How "Brain Fitness" Works
The goal of brain fitness is to revive certain mental abilities before they slow down. In Le Poncin's own words, "Our team does not claim to work miracles. We simply develop the previously unknown fertility of land that had been lying fallow." According to Brain Fitness, the exercises are simple and fun to do and yield real progress in a relatively short time (after only a couple weeks of performing the exercises).
Day-By-Day Activation
Try the following exercises when traveling to and from work, during lunch hour and breaks or while shopping and doing housework. They take only a few moments. Combine different variations of these exercises each day. It is important to keep a record of your progress. Use a small notebook or a dated daily diary and note especially where you seem to have problems. Then you can self-prescribe exercises in those areas where you are the weakest. Each of the following exercises is from Brain Fitness, and is categorized by the specific mental ability it is designed to strengthen.
Exercise Your Perceptive Abilities
The goal is to exercise perception in all five senses: sight, hearing, smell, taste and touch.
• Sight: Each day, observe an object (a photograph, for example) or a person you pass on the street. Draw it (or him or her) immediately. This exercises short-term memory. At the end of the week, redraw the seven objects or persons you have observed. This exercises long-term memory
• Smell/Taste: When dining in a restaurant or at a friend's home, try to identify the ingredients in the dishes you are served. Concentrate on the subtle flavorings of herbs and spices. Ask the waiter or your host to verify your perceptions.
• Memory: Try to memorize the dishes offered on your favorite restaurant's menu. To make the exercise more challenging, memorize the prices as well. At the end of the day, recall as many of the dishes/prices as you can and write them down.
• Hearing: On the telephone, practice recognizing callers before they identify themselves. Then memorize callers' phone numbers. At the end of the day, write down the names of people you have spoken with that day, as well as their phone numbers. At the end of the week, try writing down as many of these as you can.
• Smell/Touch: Exercise your senses of smell and touch by trying to identify objects with your eyes closed.
Exercise Your Visuospatial Abilities
Visuospatial abilities are related to the ability to make quick and accurate estimates of distances, areas and volumes – the general proportions of things and their distribution in space. Try the following:
• When you walk into a room with a group of people in it, try to quickly determine how many are on your right and your left, as well as the left-right distribution of furniture and other objects.
• Observe objects – pens, for instance – and try to estimate their lengths and thicknesses.

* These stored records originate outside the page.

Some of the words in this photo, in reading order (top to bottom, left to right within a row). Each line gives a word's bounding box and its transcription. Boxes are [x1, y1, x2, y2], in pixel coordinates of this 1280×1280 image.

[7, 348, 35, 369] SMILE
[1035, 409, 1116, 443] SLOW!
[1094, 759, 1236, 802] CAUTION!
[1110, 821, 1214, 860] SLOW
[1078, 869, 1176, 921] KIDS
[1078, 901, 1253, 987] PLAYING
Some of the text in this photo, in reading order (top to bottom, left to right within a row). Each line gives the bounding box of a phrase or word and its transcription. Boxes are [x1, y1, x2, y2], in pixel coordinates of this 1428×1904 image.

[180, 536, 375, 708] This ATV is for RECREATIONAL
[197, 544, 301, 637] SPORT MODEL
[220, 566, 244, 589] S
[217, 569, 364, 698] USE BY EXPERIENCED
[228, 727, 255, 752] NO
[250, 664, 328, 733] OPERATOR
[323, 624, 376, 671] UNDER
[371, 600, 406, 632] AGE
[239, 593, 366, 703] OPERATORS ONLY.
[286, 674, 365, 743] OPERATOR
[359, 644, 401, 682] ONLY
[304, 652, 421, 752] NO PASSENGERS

• When you have visited somewhere and then return home, try to draw a plan or map of the place you have seen. Repeat this exercise the next day and the day after.

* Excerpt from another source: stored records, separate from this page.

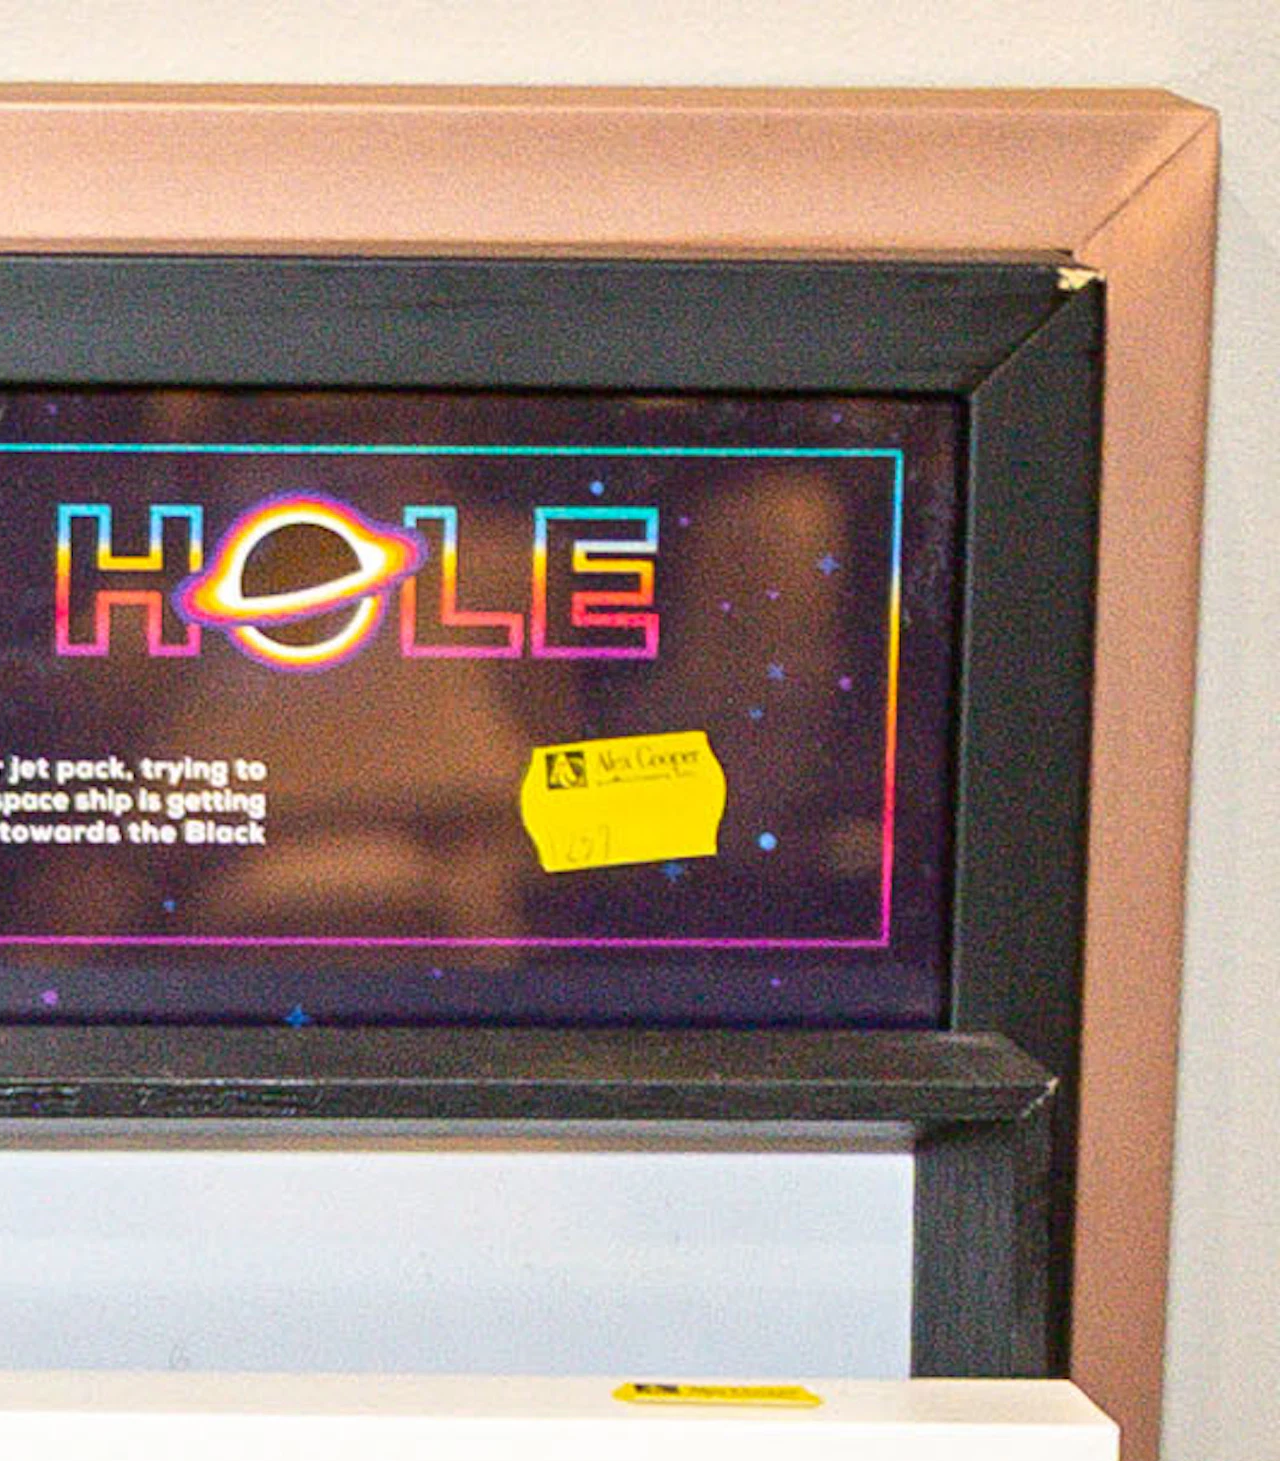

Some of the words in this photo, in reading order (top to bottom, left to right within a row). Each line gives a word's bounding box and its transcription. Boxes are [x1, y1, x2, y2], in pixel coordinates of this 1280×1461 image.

[55, 491, 660, 669] HOLE
[8, 756, 50, 783] jet
[139, 757, 229, 784] trying
[234, 757, 267, 780] to
[75, 788, 132, 815] ship
[138, 788, 161, 811] is
[166, 789, 266, 816] getting
[126, 821, 178, 844] the
[182, 822, 266, 845] Black

Exercise Your Structuralization Ability
Structuralization involves building a logical whole from disparate elements after close observation of the elements. The following exercises will strengthen this ability.
• Take a sentence from a magazine or newspaper. Try to make another sentence using the same words.
• Buy a jigsaw puzzle and practice fitting the pieces together as quickly as possible. Note the time it takes you to do this. Do it again a week later and note the time it takes to do it.
Exercise Your Logic Abilities
Logic is the art of reasoning – finding an orderly sequence for disparate elements. The following exercises/activities will awaken the inherently logic inside of you.
• Do not use a list when shopping. Instead, invent a system to take the place of the list. Use memory aids, such as forming a complete word, or one that can be completed by adding a certain vowel or consonant from the first letters of the words for the things you need to buy. Or, you can classify foods into raw and cooked. Or, use any other system that works for you.
• All games involve logical activities. Card games such as pinochle and bridge or board games of strategy such as chess or checkers are good choices. So are crossword puzzles, anagrams and other word games.
• Avoid playing the same games all the time. Chess players might switch to Go™ or Othello™, while bridge players might play whist or hearts. Playing the same game all the time leads to routine, which is the opposite of activation. The same cerebral circuits and neuronal regions are constantly used and everything else remains unused.
• Find new games and interests. Explore activities that are completely new to you and find new partners for old – and new – games and activities.
Exercise Your Verbal Abilities
Verbal abilities – the precise use of spoken or written words – make demands on short-term and long-term memory.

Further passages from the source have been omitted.